(DATA LISTING begins)
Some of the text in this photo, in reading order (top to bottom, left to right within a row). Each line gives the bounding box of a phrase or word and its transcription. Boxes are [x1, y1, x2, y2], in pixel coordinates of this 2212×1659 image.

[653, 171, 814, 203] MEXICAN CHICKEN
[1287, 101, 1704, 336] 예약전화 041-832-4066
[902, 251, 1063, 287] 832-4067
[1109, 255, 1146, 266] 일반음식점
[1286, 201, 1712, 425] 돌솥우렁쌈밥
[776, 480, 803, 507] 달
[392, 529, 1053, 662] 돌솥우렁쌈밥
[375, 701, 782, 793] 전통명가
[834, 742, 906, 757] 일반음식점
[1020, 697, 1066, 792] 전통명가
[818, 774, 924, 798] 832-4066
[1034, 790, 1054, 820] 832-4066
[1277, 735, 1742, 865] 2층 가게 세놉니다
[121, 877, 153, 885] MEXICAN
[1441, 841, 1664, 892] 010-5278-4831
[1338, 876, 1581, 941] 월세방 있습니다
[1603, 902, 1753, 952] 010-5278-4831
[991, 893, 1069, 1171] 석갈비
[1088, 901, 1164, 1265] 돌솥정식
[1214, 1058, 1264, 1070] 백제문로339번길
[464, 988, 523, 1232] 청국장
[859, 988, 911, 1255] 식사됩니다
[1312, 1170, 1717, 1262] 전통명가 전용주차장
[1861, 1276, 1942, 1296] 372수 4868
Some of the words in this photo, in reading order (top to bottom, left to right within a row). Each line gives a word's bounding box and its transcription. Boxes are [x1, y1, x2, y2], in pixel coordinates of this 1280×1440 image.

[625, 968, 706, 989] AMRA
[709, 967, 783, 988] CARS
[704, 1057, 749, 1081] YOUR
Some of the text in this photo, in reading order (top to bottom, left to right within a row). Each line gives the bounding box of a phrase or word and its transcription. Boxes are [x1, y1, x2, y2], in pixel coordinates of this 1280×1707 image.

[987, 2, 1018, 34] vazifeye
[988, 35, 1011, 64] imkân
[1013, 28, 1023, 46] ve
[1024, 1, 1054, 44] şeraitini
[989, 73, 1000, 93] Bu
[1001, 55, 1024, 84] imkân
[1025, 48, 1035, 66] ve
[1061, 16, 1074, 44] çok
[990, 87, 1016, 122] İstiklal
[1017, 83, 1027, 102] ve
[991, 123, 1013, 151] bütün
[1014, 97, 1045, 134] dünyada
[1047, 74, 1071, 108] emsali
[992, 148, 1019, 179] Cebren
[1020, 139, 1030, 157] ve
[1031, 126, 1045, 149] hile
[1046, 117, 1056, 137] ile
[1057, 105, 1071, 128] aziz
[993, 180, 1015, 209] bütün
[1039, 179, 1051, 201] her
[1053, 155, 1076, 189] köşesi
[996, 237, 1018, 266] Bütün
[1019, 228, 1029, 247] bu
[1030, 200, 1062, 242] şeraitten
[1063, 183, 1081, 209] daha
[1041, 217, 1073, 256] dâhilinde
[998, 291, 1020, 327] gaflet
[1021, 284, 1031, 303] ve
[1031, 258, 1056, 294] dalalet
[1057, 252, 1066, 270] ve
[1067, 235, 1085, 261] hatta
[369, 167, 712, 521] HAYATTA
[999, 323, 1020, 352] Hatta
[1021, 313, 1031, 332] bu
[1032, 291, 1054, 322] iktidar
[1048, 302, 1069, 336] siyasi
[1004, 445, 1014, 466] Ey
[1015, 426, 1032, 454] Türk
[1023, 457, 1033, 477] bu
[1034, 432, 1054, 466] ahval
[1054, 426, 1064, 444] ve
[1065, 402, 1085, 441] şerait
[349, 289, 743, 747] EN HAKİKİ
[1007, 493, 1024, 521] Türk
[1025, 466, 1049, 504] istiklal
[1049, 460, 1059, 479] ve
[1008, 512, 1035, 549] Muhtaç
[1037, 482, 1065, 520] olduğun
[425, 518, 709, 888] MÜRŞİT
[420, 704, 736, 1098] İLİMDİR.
(DATA LISTING ends)
**PROBLEM REQUIREMENTS:** Repeat the records above exactly.

**WRITTEN SOLUTION:**
Some of the text in this photo, in reading order (top to bottom, left to right within a row). Each line gives the bounding box of a phrase or word and its transcription. Boxes are [x1, y1, x2, y2], in pixel coordinates of this 2212×1659 image.

[653, 171, 814, 203] MEXICAN CHICKEN
[1287, 101, 1704, 336] 예약전화 041-832-4066
[902, 251, 1063, 287] 832-4067
[1109, 255, 1146, 266] 일반음식점
[1286, 201, 1712, 425] 돌솥우렁쌈밥
[776, 480, 803, 507] 달
[392, 529, 1053, 662] 돌솥우렁쌈밥
[375, 701, 782, 793] 전통명가
[834, 742, 906, 757] 일반음식점
[1020, 697, 1066, 792] 전통명가
[818, 774, 924, 798] 832-4066
[1034, 790, 1054, 820] 832-4066
[1277, 735, 1742, 865] 2층 가게 세놉니다
[121, 877, 153, 885] MEXICAN
[1441, 841, 1664, 892] 010-5278-4831
[1338, 876, 1581, 941] 월세방 있습니다
[1603, 902, 1753, 952] 010-5278-4831
[991, 893, 1069, 1171] 석갈비
[1088, 901, 1164, 1265] 돌솥정식
[1214, 1058, 1264, 1070] 백제문로339번길
[464, 988, 523, 1232] 청국장
[859, 988, 911, 1255] 식사됩니다
[1312, 1170, 1717, 1262] 전통명가 전용주차장
[1861, 1276, 1942, 1296] 372수 4868
Some of the words in this photo, in reading order (top to bottom, left to right within a row). Each line gives a word's bounding box and its transcription. Boxes are [x1, y1, x2, y2], in pixel coordinates of this 1280×1440 image.

[625, 968, 706, 989] AMRA
[709, 967, 783, 988] CARS
[704, 1057, 749, 1081] YOUR
Some of the text in this photo, in reading order (top to bottom, left to right within a row). Each line gives the bounding box of a phrase or word and its transcription. Boxes are [x1, y1, x2, y2], in pixel coordinates of this 1280×1707 image.

[987, 2, 1018, 34] vazifeye
[988, 35, 1011, 64] imkân
[1013, 28, 1023, 46] ve
[1024, 1, 1054, 44] şeraitini
[989, 73, 1000, 93] Bu
[1001, 55, 1024, 84] imkân
[1025, 48, 1035, 66] ve
[1061, 16, 1074, 44] çok
[990, 87, 1016, 122] İstiklal
[1017, 83, 1027, 102] ve
[991, 123, 1013, 151] bütün
[1014, 97, 1045, 134] dünyada
[1047, 74, 1071, 108] emsali
[992, 148, 1019, 179] Cebren
[1020, 139, 1030, 157] ve
[1031, 126, 1045, 149] hile
[1046, 117, 1056, 137] ile
[1057, 105, 1071, 128] aziz
[993, 180, 1015, 209] bütün
[1039, 179, 1051, 201] her
[1053, 155, 1076, 189] köşesi
[996, 237, 1018, 266] Bütün
[1019, 228, 1029, 247] bu
[1030, 200, 1062, 242] şeraitten
[1063, 183, 1081, 209] daha
[1041, 217, 1073, 256] dâhilinde
[998, 291, 1020, 327] gaflet
[1021, 284, 1031, 303] ve
[1031, 258, 1056, 294] dalalet
[1057, 252, 1066, 270] ve
[1067, 235, 1085, 261] hatta
[369, 167, 712, 521] HAYATTA
[999, 323, 1020, 352] Hatta
[1021, 313, 1031, 332] bu
[1032, 291, 1054, 322] iktidar
[1048, 302, 1069, 336] siyasi
[1004, 445, 1014, 466] Ey
[1015, 426, 1032, 454] Türk
[1023, 457, 1033, 477] bu
[1034, 432, 1054, 466] ahval
[1054, 426, 1064, 444] ve
[1065, 402, 1085, 441] şerait
[349, 289, 743, 747] EN HAKİKİ
[1007, 493, 1024, 521] Türk
[1025, 466, 1049, 504] istiklal
[1049, 460, 1059, 479] ve
[1008, 512, 1035, 549] Muhtaç
[1037, 482, 1065, 520] olduğun
[425, 518, 709, 888] MÜRŞİT
[420, 704, 736, 1098] İLİMDİR.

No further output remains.